Again the journey was undertaken under yet more distressful circumstances. They reached what had been their home, and found nothing—nothing save the sickening sight of festering corpses, a prey to the wild beasts and foul birds of the region, and the blackened ruins of a few raupo huts, for the marauders had fired the village ere they left.

No food, no shelter, no clothing; for what had not been destroyed had been carried off. There was nothing for it but to face the wilderness again. And they did it. They ate of the wild berries and fern-pith that they found, and, breaking off the tender twigs of the hine-hine and veronica, and the succulent leaves of the pig-face (mesembryanthemum), chewed them to procure some nourishment.

But not once did determination desert the little hero. He persuaded, and threatened, alternately carried, and made his little charges walk, until, after fifty hours of almost superhuman exertion, and forty-five miles of travel, the encampment was reached.

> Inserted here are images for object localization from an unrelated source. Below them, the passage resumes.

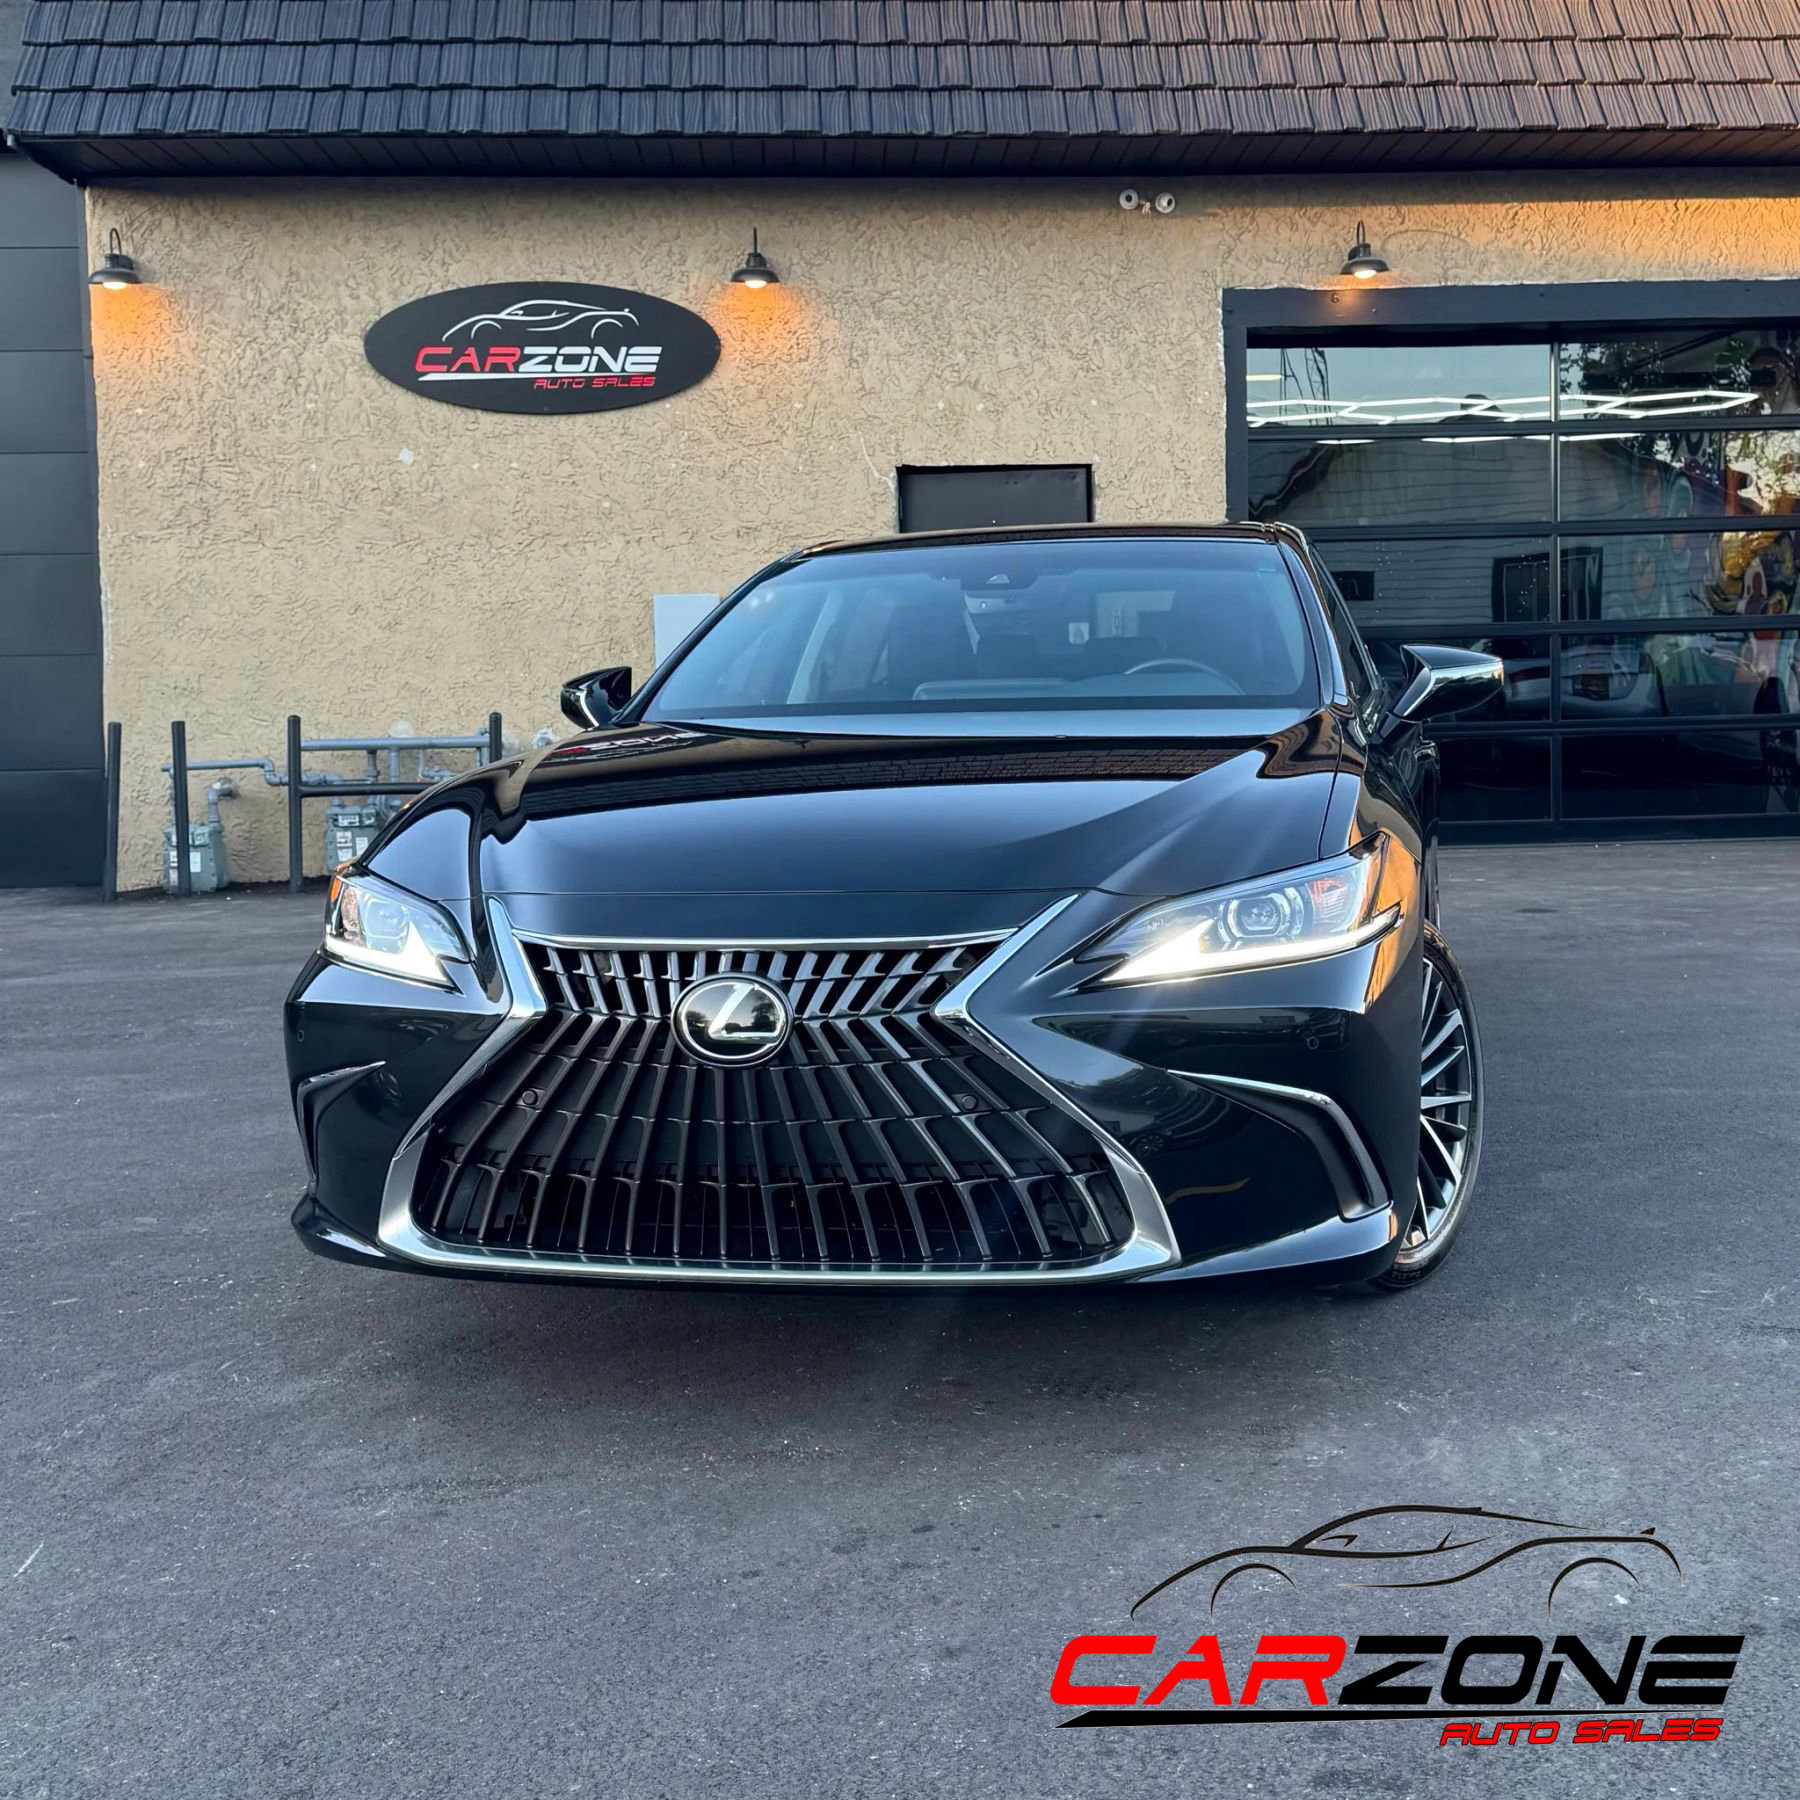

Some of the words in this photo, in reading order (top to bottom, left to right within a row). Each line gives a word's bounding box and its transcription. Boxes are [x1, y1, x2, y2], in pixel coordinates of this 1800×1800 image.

[415, 346, 662, 372] CARZONE
[533, 377, 584, 389] AUTO
[591, 375, 655, 388] SALES
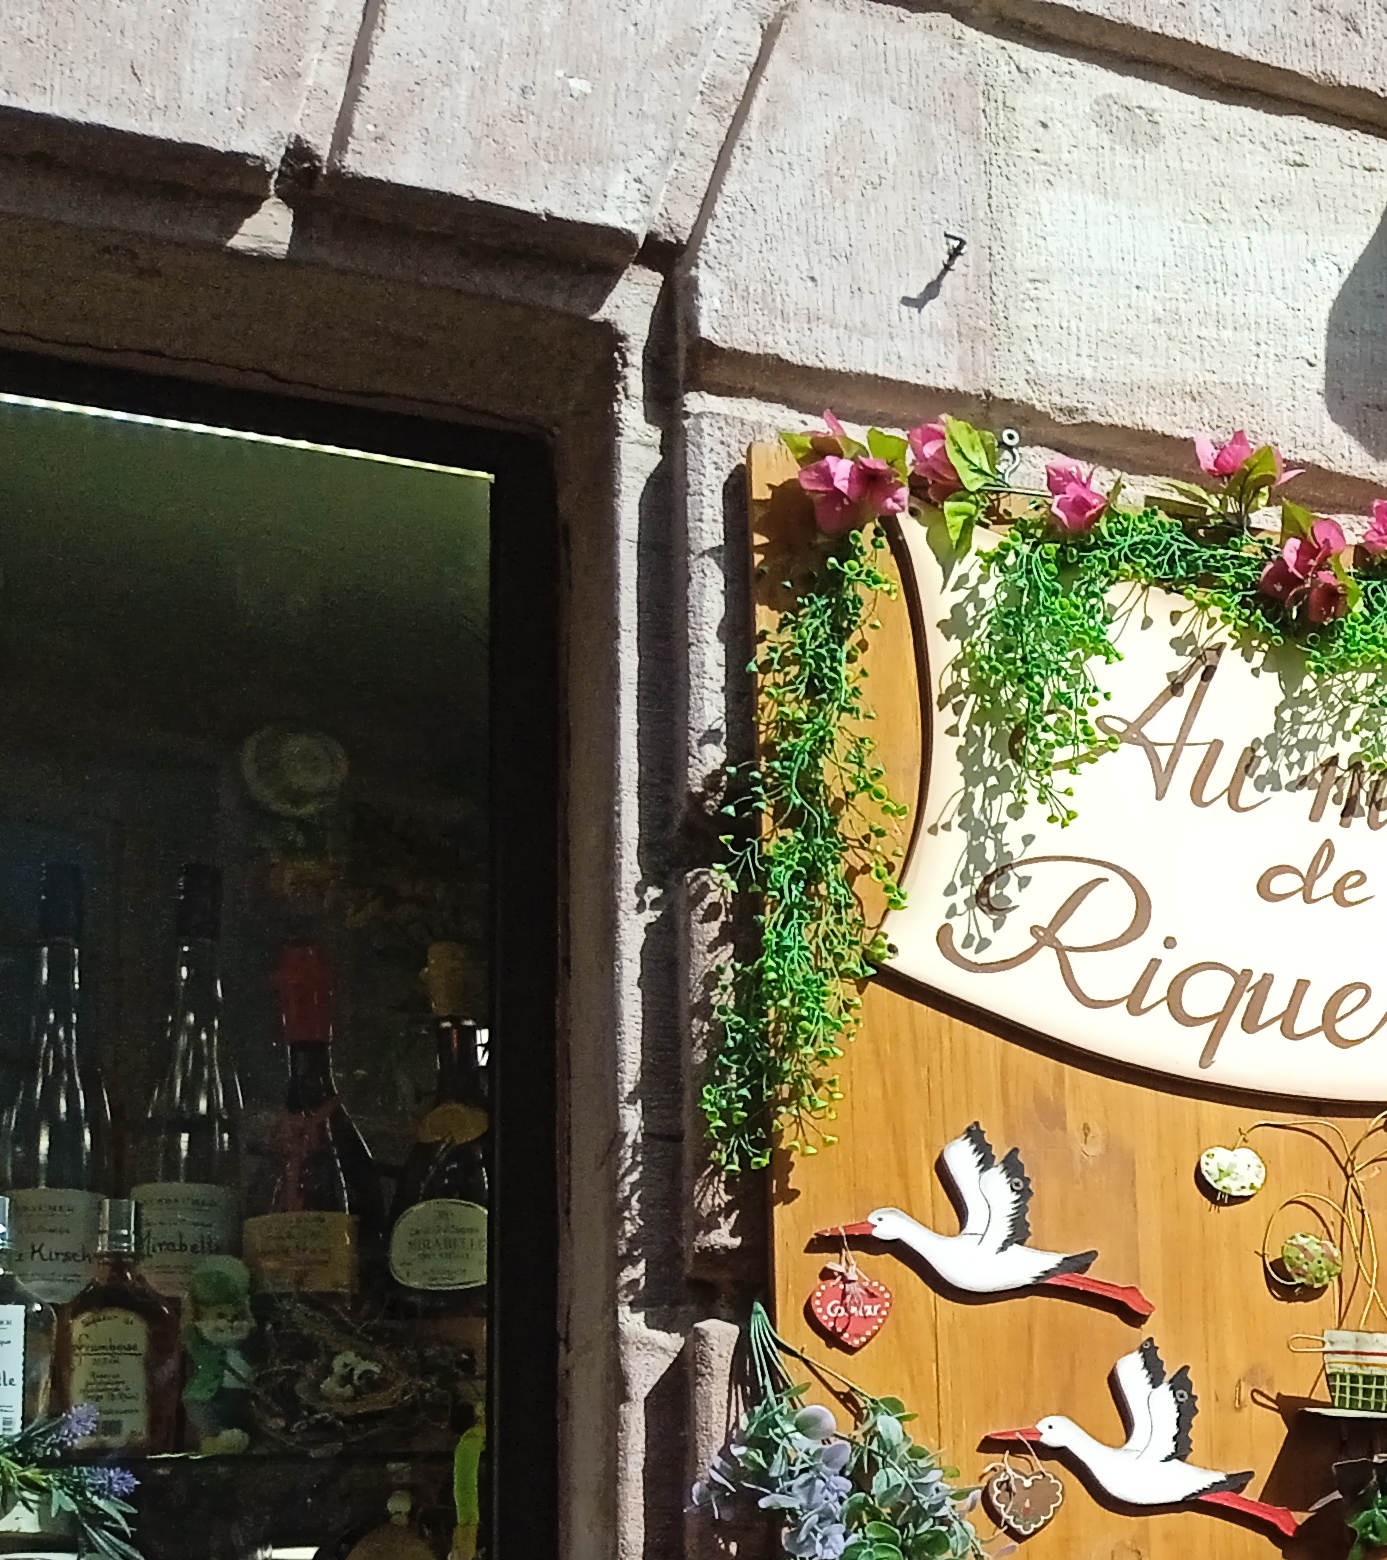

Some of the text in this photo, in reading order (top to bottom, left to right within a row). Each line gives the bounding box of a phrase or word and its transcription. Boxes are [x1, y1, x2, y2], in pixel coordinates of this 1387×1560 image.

[1008, 642, 1272, 814] Au
[1256, 837, 1376, 908] de
[827, 1299, 882, 1318] Comar

Everything was done to make the little ones forget the dangers through which they had passed; their wounds were dressed, and they were supplied with food.

There was but one feeling in the camp respecting these children, shared by everyone, from the commander down to the youngest drummer-boy, namely, that the Colonial Government should take them for its wards, educate and train them; for the heroism which they had already shown gave the promise that, if turned in the right direction, there was in all these three Māori children the stuff of whicch heroes are made.